A Sphinx rises in Williamsburg, Brooklyn. She is 12 metres tall, 25 metres long, and sits in a warehouse that feels like a cathedral, where the walls drip with molasses. She is made of polystyrene drenched in gleaming white sugar that spills off her haunches and arms onto the floor. She is nude save for a kerchief. Her expression is blank. Her rear is mountainous. Her vulva is exposed. Her name is ‘A Subtlety: Or the Marvelous Sugar Baby,’ and she is the centrepiece of an installation by Kara Walker that is this season’s must-see art in New York City.

Walker, who is 44 and African-American, has made a reputation as a major artist with works — most famously made of cut-paper silhouettes — that stage the history of race in America in all its pain, debasement, sexual violence and the grotesque. She has a devastating grasp of oppression’s violent absurdity, and her portrayals locate macabre humour in the sites of trauma. They are unflinching and sometimes hard to take.

In Brooklyn, the arts group Creative Time and the property developer who will soon demolish this sugar factory have handed Walker a site freighted with exploitation. Here, just across from Manhattan, ships unloaded sugar from the plantations of Cuba and the Dominican Republic, where slavery lasted late and gave way to only marginally better conditions. The raw cane stacked up as high as Sugar Baby is tall. Workers lugged it into the adjacent refinery, which at the start of the 20th century was the world’s largest.

The sugar cartel, led by the Havemeyer family, controlled the industry — the sugar brand it launched, Domino, is still the most common in US shops. Over the years the trade lost value, and as industry gave way to banking as the city’s economic engine, sugar refining moved to Baltimore and New Orleans.

The factory shut down for good in 2004 and the site has lain idle since then. The decline of industrial Williamsburg and depletion of its working class set the stage, however, for aggressive gentrification that made the neighbourhood an epicenter of bohemia, and now — as the first-wave artists and assorted marginal characters in turn get the boot — an increasingly wealthy yuppie haven. Just north of the factory, titanic glass towers rise above the water in which apartments rent for $4,000 monthly.

New York City puts effort into historic preservation, but it is little against the dominant force, which has been erasure. As the factory gives way to a forest of desirable waterfront high-rises, the trace of sugar will vanish. The ties of New York traders to plantation violence — sugar interests kept New York a major chartering port for slave ships long after the trans-Atlantic trade was banned — have always been shameful and downplayed. Now that history threatens to evaporate.

More than brash

Though titled a “subtlety” — a term used for sugar table sculptures in Renaissance Europe — Walker’s sculpture is big and brash. There is a long subtitle, printed in large letters on the outside wall as visitors approach the building. It reads: “Homage to the unpaid and overworked Artisans who have refined our Sweet tastes from the cane fields to the Kitchens of the New World on the Occasion of the demolition of the Domino Sugar Refining Plant.” A minimum didactic mission is achieved.

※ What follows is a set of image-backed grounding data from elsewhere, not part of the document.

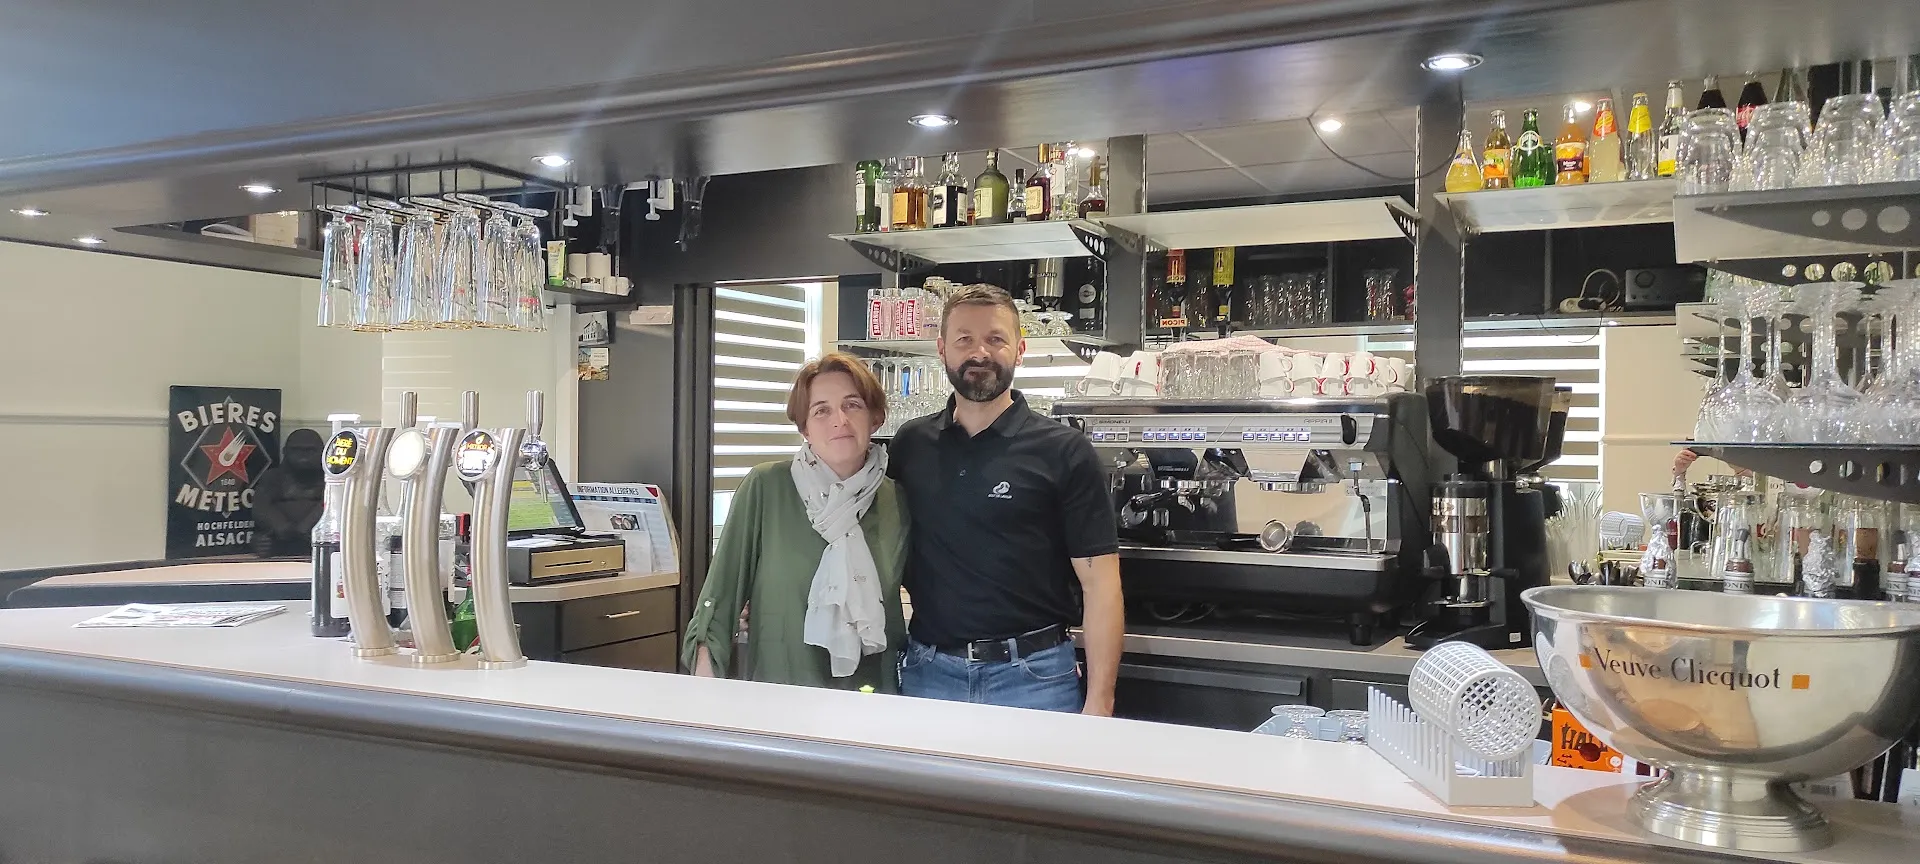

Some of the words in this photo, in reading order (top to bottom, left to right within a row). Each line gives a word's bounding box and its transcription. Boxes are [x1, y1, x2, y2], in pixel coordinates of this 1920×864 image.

[177, 402, 276, 433] BIERES
[576, 485, 609, 494] INFORMATION
[1593, 647, 1662, 679] Veuve
[1670, 656, 1781, 690] Clicquot
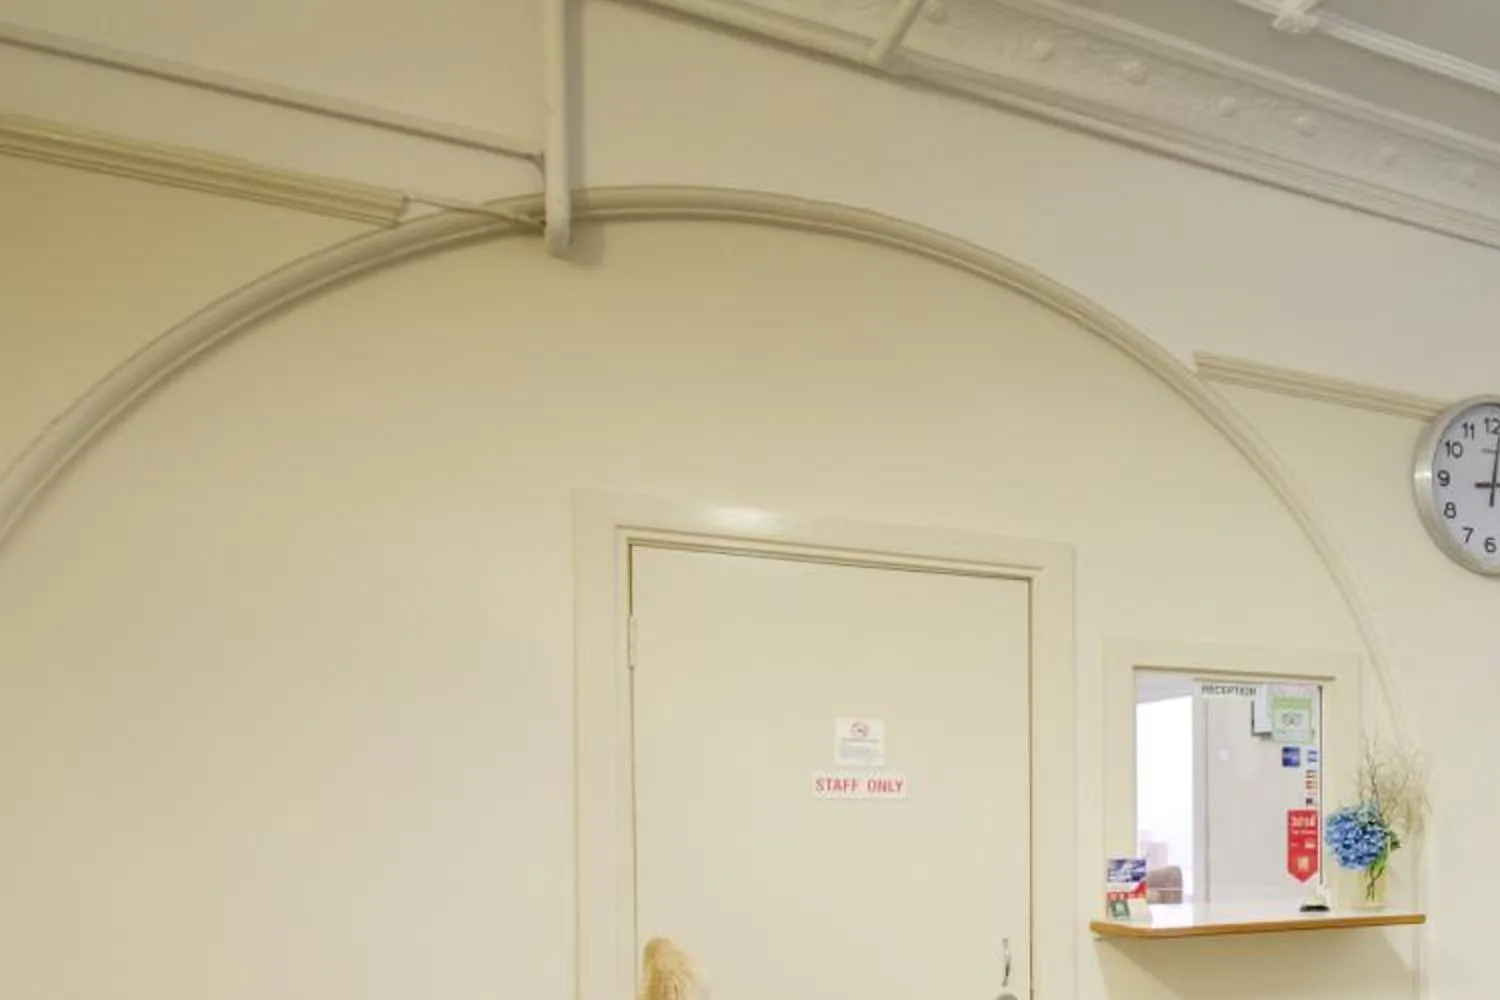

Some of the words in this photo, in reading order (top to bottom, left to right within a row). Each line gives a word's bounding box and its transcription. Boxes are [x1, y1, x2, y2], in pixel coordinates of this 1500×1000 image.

[1462, 422, 1475, 440] 11
[1444, 440, 1464, 458] 10
[1437, 470, 1449, 486] 9
[1444, 502, 1456, 518] 8
[1462, 527, 1474, 544] 7
[1484, 537, 1497, 553] 6
[1201, 684, 1256, 696] RECEPTION
[815, 778, 858, 793] STAFF
[867, 778, 903, 793] ONLY
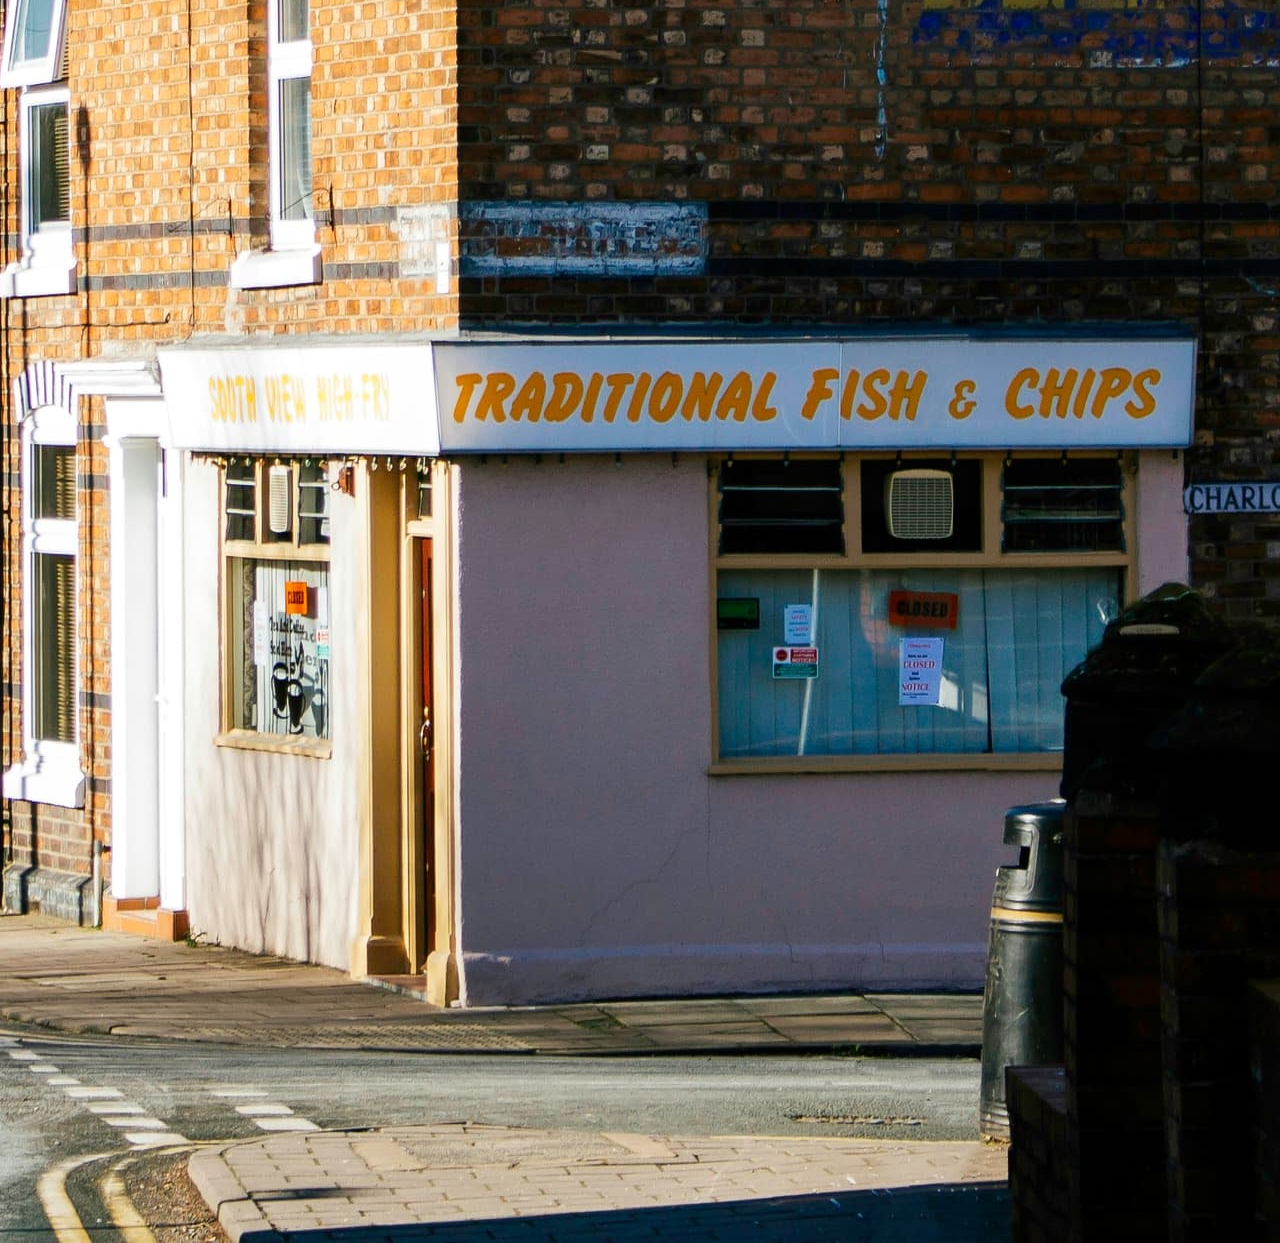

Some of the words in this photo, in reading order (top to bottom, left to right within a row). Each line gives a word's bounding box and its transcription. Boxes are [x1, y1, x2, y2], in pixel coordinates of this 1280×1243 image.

But there is much more. Only at first glance is the warehouse a basic, derelict industrial space. Steel columns and girders enshrine Sugar Baby as if in a nave, the church effect heightened by the light that streams through high windows. Nestled into the steelwork — and at the hinges of the warehouse doors, the crevices in the walls — is encrusted sugar, the accumulation of decades. The dark splashes on the walls are molasses.

Into this milieu, in the wide area between the entrance and Sugar Baby, Walker has set 15 life-size figures of young boys carrying baskets. Some are light brown, made of metal sprayed with molasses. Others, darker, are made of sugar, and have started to break. Everything is melting. Molasses pool on the floor. The wreckage of the broken boys lies strewn at their own feet, or has been loaded into the baskets of the others.

The broken bodies send their own clear message about the debasement of slavery and indentured labour. But the melting shifts the energy, and paradoxically brings them to life in a kind of perverse worksite that implicates the visitor viscerally. The boys are spooky and tender; they nearly steal the show.

It is impossible to visit an installation like this without noting how the work is being consumed. Tourists pose between Sugar Baby’s outstretched hands and mug for the camera. There is awe in the air, but little solemnity. Only a small fraction of visitors are Black. A critique that needs hearing, by Jamilah King in Colorlines, points out that the organisers’ request that visitors post pictures on Instagram with an “official” hashtag (#KaraWalkerDomino) drifts toward presenting, once again, the slave as spectacle. It surfaces broader, ongoing concerns about the interaction of Black artists and the white-run art world, the types of work that get funded and the narratives they perpetuate and bolster.

As a site-specific piece, however, Sugar Baby triumphantly rises to the scale and stakes of its setting. At once white and black, submissive and dominant, alone and with an army, she has returned to bless and curse this place, one last time before it turns to rubble.

(The show runs at Domino Sugar Factory, Brooklyn, New York, till July 6.)